══ Task data
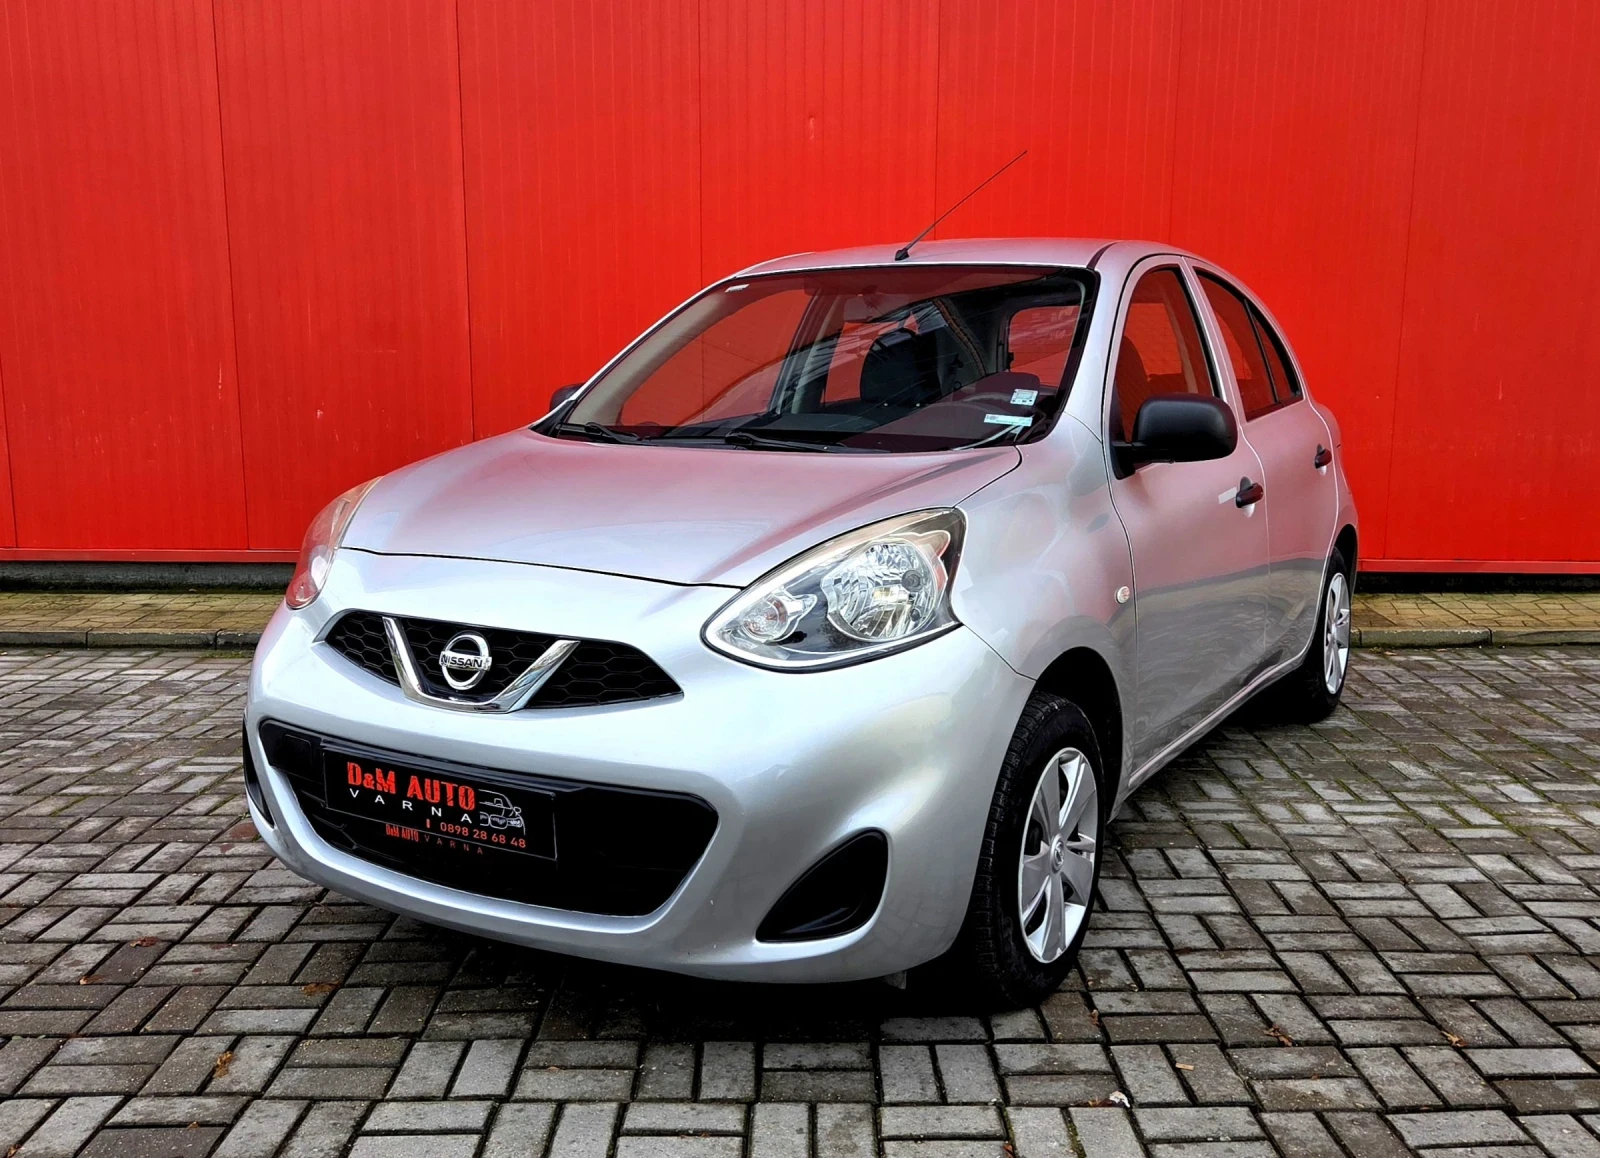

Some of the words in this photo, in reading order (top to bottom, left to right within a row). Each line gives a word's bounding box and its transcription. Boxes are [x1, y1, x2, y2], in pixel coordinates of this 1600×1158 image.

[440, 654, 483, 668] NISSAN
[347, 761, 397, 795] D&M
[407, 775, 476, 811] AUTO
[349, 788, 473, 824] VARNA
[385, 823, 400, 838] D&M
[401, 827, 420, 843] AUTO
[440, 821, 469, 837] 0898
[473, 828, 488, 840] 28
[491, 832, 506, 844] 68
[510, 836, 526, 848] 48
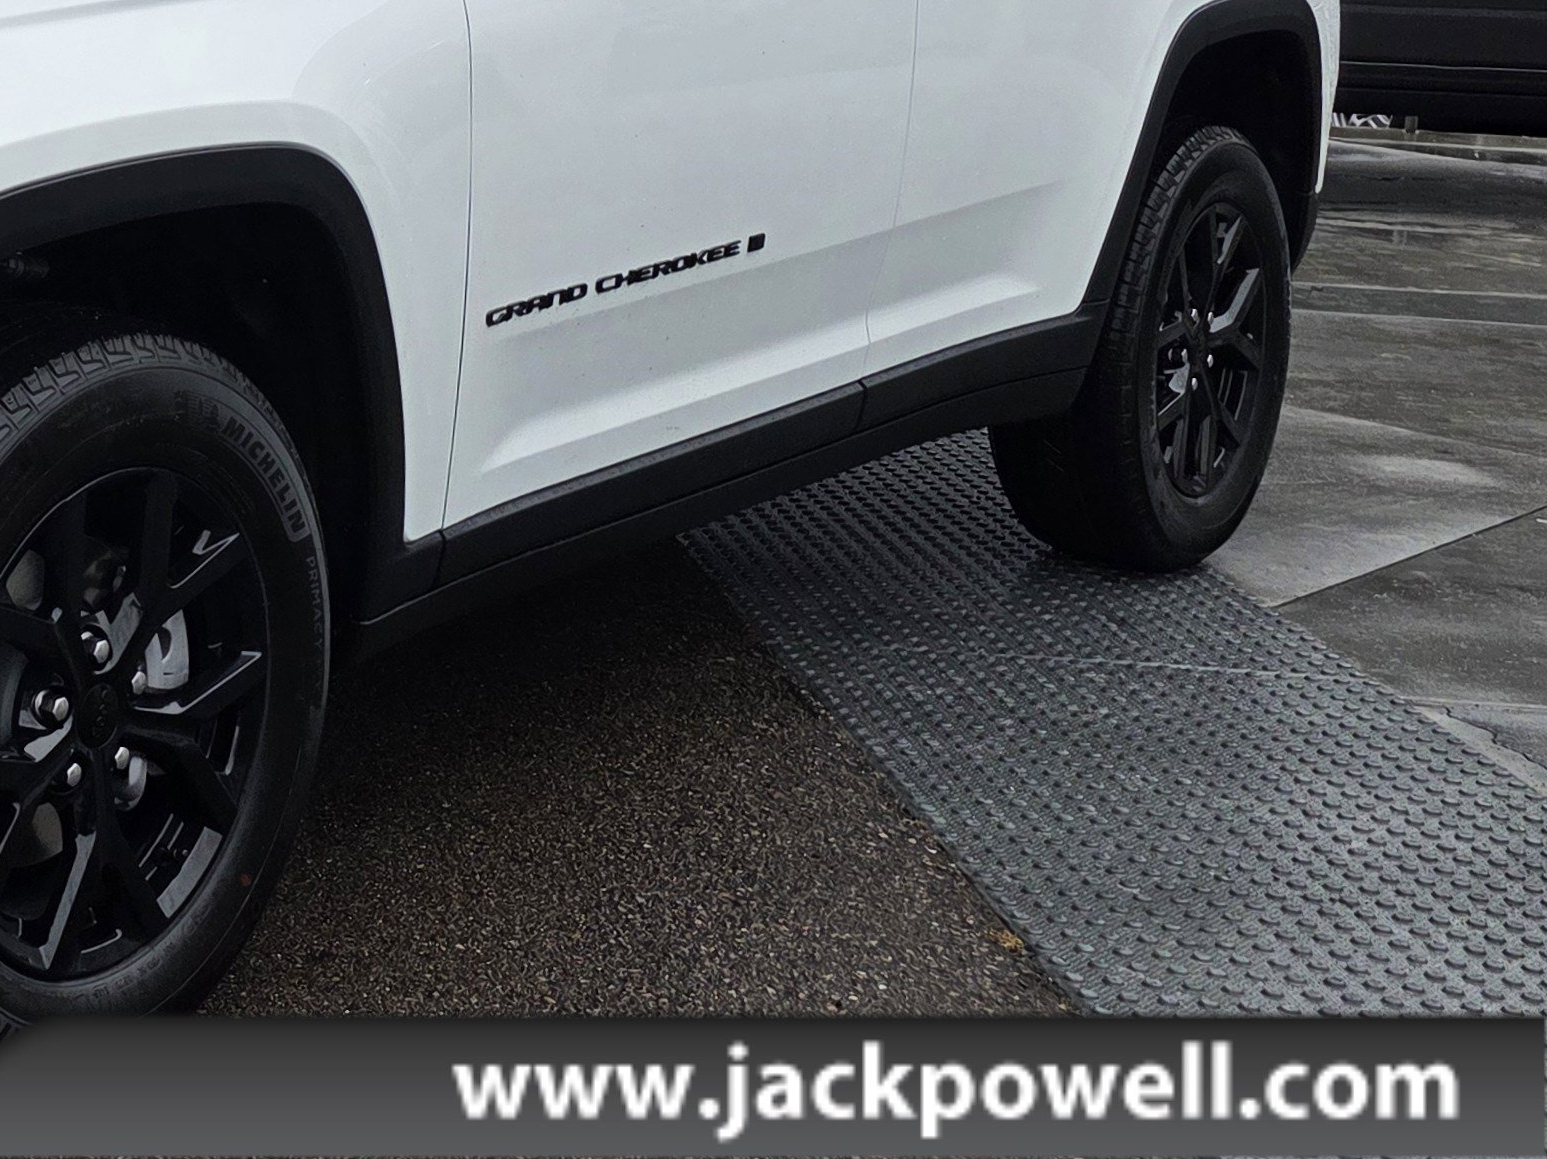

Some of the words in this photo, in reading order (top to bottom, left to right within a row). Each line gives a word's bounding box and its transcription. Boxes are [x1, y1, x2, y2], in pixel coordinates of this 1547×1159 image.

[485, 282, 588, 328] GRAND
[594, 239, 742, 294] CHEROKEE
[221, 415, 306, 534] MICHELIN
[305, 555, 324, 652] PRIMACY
════
**Problem statement:**
Each entry above is to be restated exactly, without its images.

**Your response:**
Some of the words in this photo, in reading order (top to bottom, left to right within a row). Each line gives a word's bounding box and its transcription. Boxes are [x1, y1, x2, y2], in pixel coordinates of this 1600×1158 image.

[440, 654, 483, 668] NISSAN
[347, 761, 397, 795] D&M
[407, 775, 476, 811] AUTO
[349, 788, 473, 824] VARNA
[385, 823, 400, 838] D&M
[401, 827, 420, 843] AUTO
[440, 821, 469, 837] 0898
[473, 828, 488, 840] 28
[491, 832, 506, 844] 68
[510, 836, 526, 848] 48

Some of the words in this photo, in reading order (top to bottom, left to right within a row). Each line gives a word's bounding box and its transcription. Boxes are [x1, y1, x2, y2], in pixel coordinates of this 1547×1159 image.

[485, 282, 588, 328] GRAND
[594, 239, 742, 294] CHEROKEE
[221, 415, 306, 534] MICHELIN
[305, 555, 324, 652] PRIMACY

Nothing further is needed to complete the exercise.